Atualidade: VII Cúpula dos BRICS



Imagem capturada na Internet


A VII Cúpula dos países-membros dos BRICS está sendo realizada na cidade de Ufá, na Rússia. Os representantes dos cinco países emergentes integrantes do Grupo, isto é, do Brasil, Rússia, Índia, China e África do Sul (acrônimo do BRICS), como a presidente Dilma Roussef, estão reunidos para discutir, entre outras coisas, a crise da Ucrânia (conflito entre o governo e os separatistas), o terrorismo internacional, a cibersegurança (sobretudo, em face à questão da espionagem norte-americana), as migrações e as reformas do Conselho de Segurança da ONU e do Fundo Monetário Internacional (FMI).
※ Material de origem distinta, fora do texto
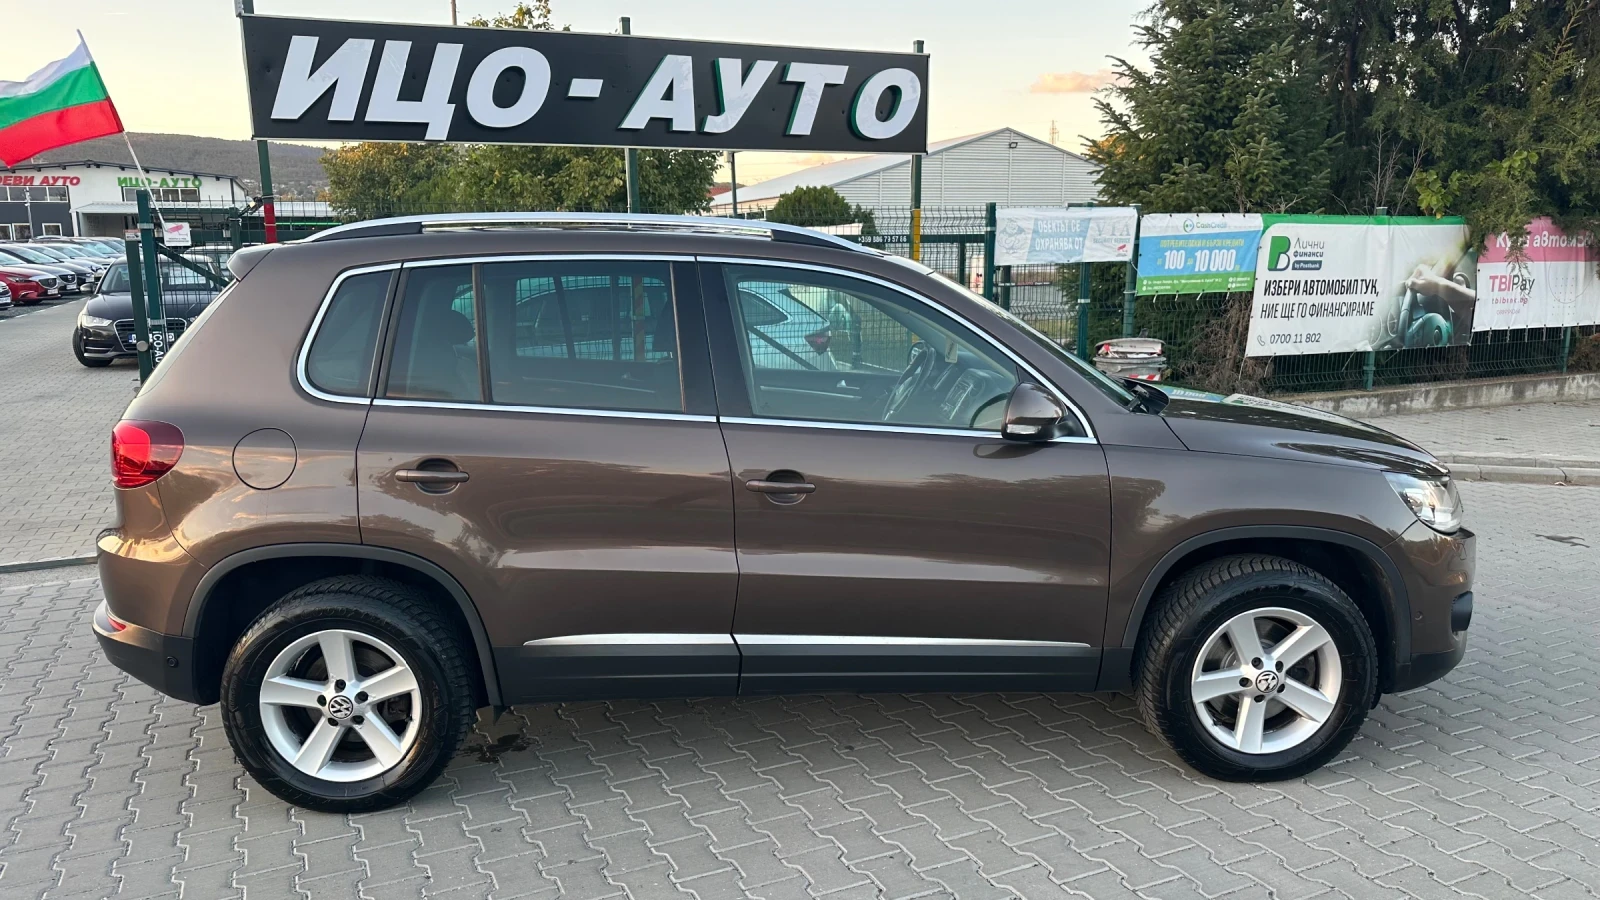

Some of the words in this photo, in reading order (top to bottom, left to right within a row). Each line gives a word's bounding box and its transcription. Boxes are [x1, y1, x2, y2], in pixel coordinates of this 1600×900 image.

[271, 35, 552, 141] ИЦО
[618, 54, 922, 141] АУТО
[40, 175, 81, 186] АУТО
[117, 176, 203, 188] ИЦО-АУТО
[1037, 219, 1069, 233] ОБЕКТЪТ
[1071, 219, 1081, 232] СЕ
[1035, 237, 1073, 250] ОХРАНЯВА
[1074, 237, 1084, 249] ОТ
[1293, 237, 1325, 249] Лични
[1164, 249, 1185, 270] 100
[1293, 249, 1324, 258] Финанси
[1263, 279, 1301, 297] ИЗБЕРИ
[1302, 278, 1360, 295] АВТОМОБИЛ
[1360, 278, 1379, 297] ТУК,
[1260, 303, 1279, 319] НИЕ
[1280, 303, 1296, 321] ЩЕ
[1296, 303, 1307, 318] ГО
[1308, 301, 1374, 318] ФИНАНСИРАМЕ
[1270, 333, 1291, 344] 0700
[1293, 333, 1303, 343] 11
[1304, 332, 1321, 343] 802
De acordo com as reportagens referentes a este evento, a crise grega deve fazer parte das discussões “não oficiais” da reunião (não consta na pauta oficial da Cúpula), tendo em vista não só a importância da discussão, mas também pelo apoio russo à Grécia.
 
Do mesmo modo deverão ser discutidos a situação atual da crise econômica e financeira mundial, que teve início em 2008, nos EUA, cujos reflexos não só respondem pela crise na Grécia e os demais países da chamada Zona do Euro (grupo dos países da União Europeia que adotaram o Euro como moeda única), como também nos respectivos países-membros dos BRICS, sobretudo, o Brasil e a China (segunda maior economia do mundo, superada apenas pelos EUA).
 
A China, inclusive, foi manchete nos principais meios de comunicação, impresso e on line, nos últimos dias, em razão da queda da bolsa de valores diante dos riscos de um estouro da bolha no país.
 
Como principal parceiro comercial de diversos países no mundo, a situação vulnerável da China -diante de uma forte crise em seu território - representa consequências diretas não só aos países desenvolvidos, como os EUA e os da União Europeia, como também às nações emergentes, como o  Brasil, por exemplo.
 
A crise em nosso país já está sendo sentida mais fortemente no aumento das taxas de desemprego, no fechamento de várias lojas, empresas e indústrias, assim como na elevação dos juros bancários, de financeiras, entre outros aspectos intrínsecos a este período de instabilidade.
 
Como é sabido, o desaquecimento da economia global – sob efeito dominó em um mundo globalizado – tem reflexos em todos os setores da economia, da política e da sociedade, tanto internamente quanto em suas relações comerciais (exportação versus importações).
 
E, para os países-membros dos BRICS, a preocupação em termos comerciais recai não só nos produtos de exportação industrializados, mas nos chamados commodities (o termo em inglês é empregado como sinônimo de mercadorias de baixo valor agregado e/ou como produtos agrícolas, minerais, outros tipos de matéria prima etc.), já que a balança comercial dos mesmos ainda têm um grande percentual de venda de produtos primários.
 
O momento é de incertezas e de grande instabilidade...
 
No ano passado, mais especificamente, no dia 15 de julho de 2014, durante a VI Cúpula realizada em nosso país (Fortaleza, Ceará), os BRICS oficializaram a criação de um “Banco Central” do grupo, o Novo Banco de Desenvolvimento (NBD), visando promover uma maior cooperação financeira entre os seus países-membros, inclusive, o objetivo principal de financiar projetos de infraestrutura e de desenvolvimento. O NBD surge como alternativa em relação à atuação do Banco Mundial e do Fundo Monetário Internacional (FMI). A sede do NBD ficará em Xangai, na China.
 
Espera-se, também, que durante a realização da VII Cúpula, sejam anunciados dos nomes dos funcionários de alto nível do referido banco.